==== Provided information
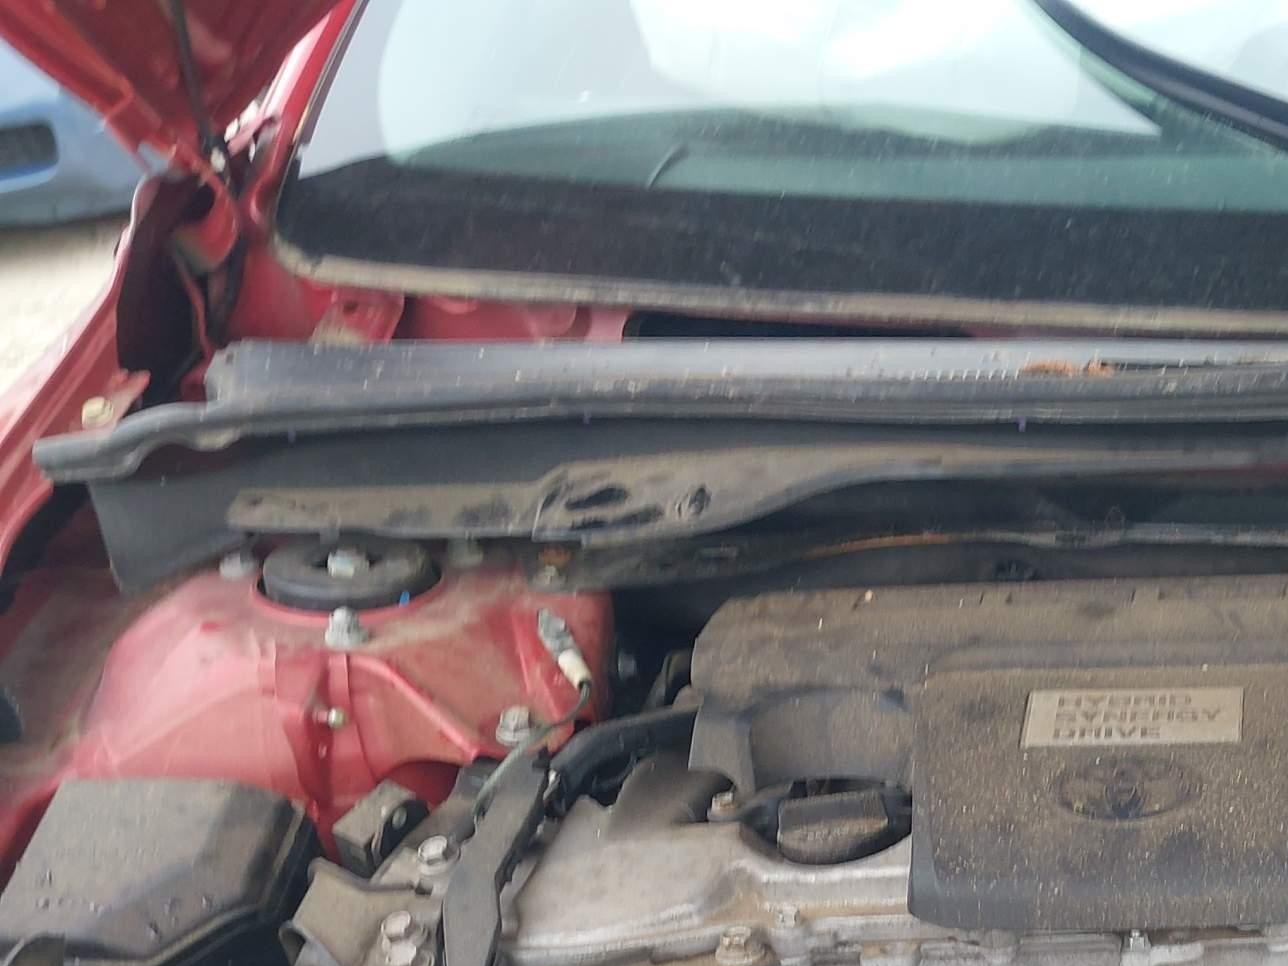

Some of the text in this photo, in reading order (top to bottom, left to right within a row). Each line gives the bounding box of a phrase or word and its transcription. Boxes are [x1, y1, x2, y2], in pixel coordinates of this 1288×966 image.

[1056, 693, 1193, 708] HYBRID
[1055, 708, 1222, 722] SYNERGY
[1053, 726, 1162, 740] DRIVE
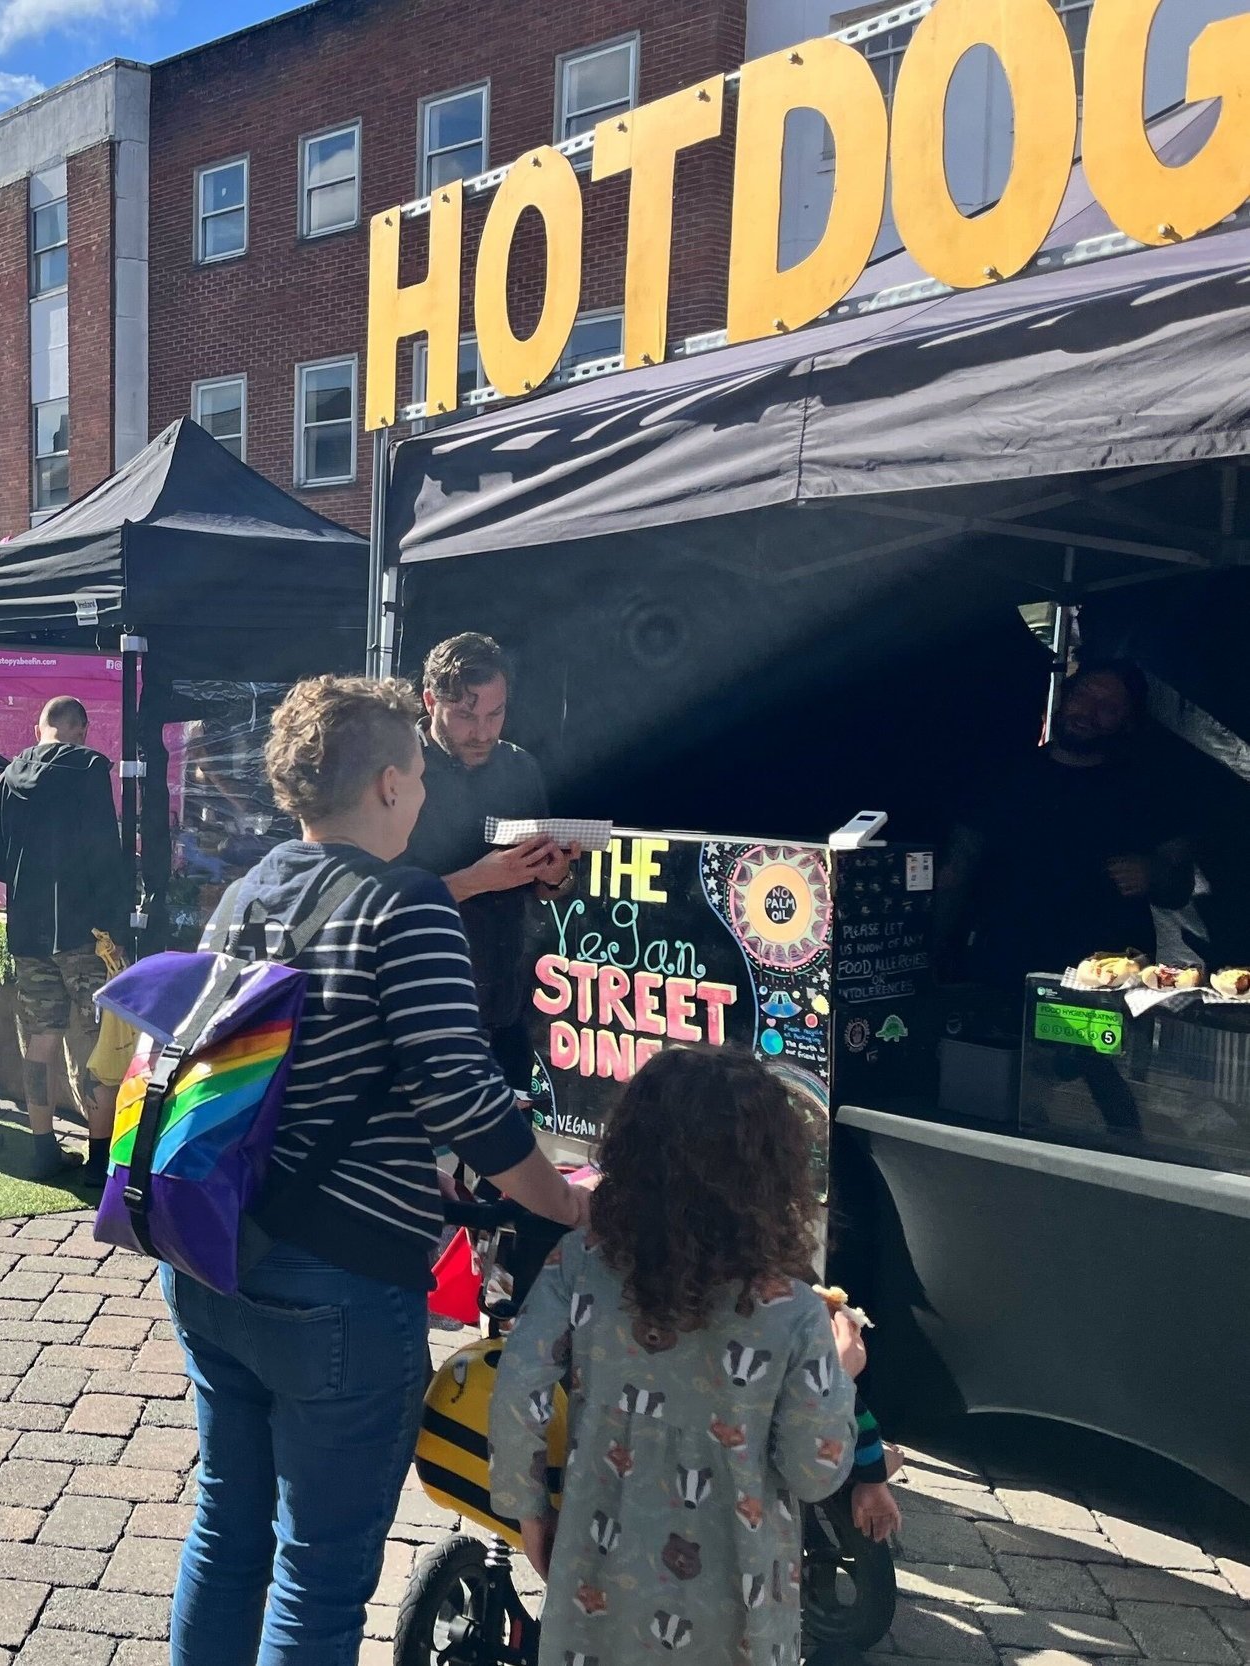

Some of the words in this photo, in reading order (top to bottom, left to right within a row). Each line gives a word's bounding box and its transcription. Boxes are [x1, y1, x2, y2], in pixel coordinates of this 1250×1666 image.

[590, 839, 669, 903] THE
[772, 887, 790, 899] NO
[765, 897, 796, 910] PALM
[771, 909, 791, 921] OIL
[843, 922, 880, 939] PLEASE
[884, 922, 904, 936] LET
[540, 899, 706, 980] Vegan
[839, 943, 852, 956] US
[856, 941, 884, 954] KNOW
[903, 933, 924, 947] ANY
[838, 960, 871, 975] FOOD
[871, 972, 886, 985] OR
[532, 954, 737, 1047] STREET
[1104, 1032, 1113, 1044] 5
[550, 1021, 663, 1084] DINE
[557, 1114, 596, 1136] VEGAN
========
-- Task brief --
Where the line containing "Some of the words" appears in the data above, begin there and reproduce every line to the end exactly; include nothing else.

-- Task result --
Some of the words in this photo, in reading order (top to bottom, left to right within a row). Each line gives a word's bounding box and its transcription. Boxes are [x1, y1, x2, y2], in pixel coordinates of this 1250×1666 image.

[590, 839, 669, 903] THE
[772, 887, 790, 899] NO
[765, 897, 796, 910] PALM
[771, 909, 791, 921] OIL
[843, 922, 880, 939] PLEASE
[884, 922, 904, 936] LET
[540, 899, 706, 980] Vegan
[839, 943, 852, 956] US
[856, 941, 884, 954] KNOW
[903, 933, 924, 947] ANY
[838, 960, 871, 975] FOOD
[871, 972, 886, 985] OR
[532, 954, 737, 1047] STREET
[1104, 1032, 1113, 1044] 5
[550, 1021, 663, 1084] DINE
[557, 1114, 596, 1136] VEGAN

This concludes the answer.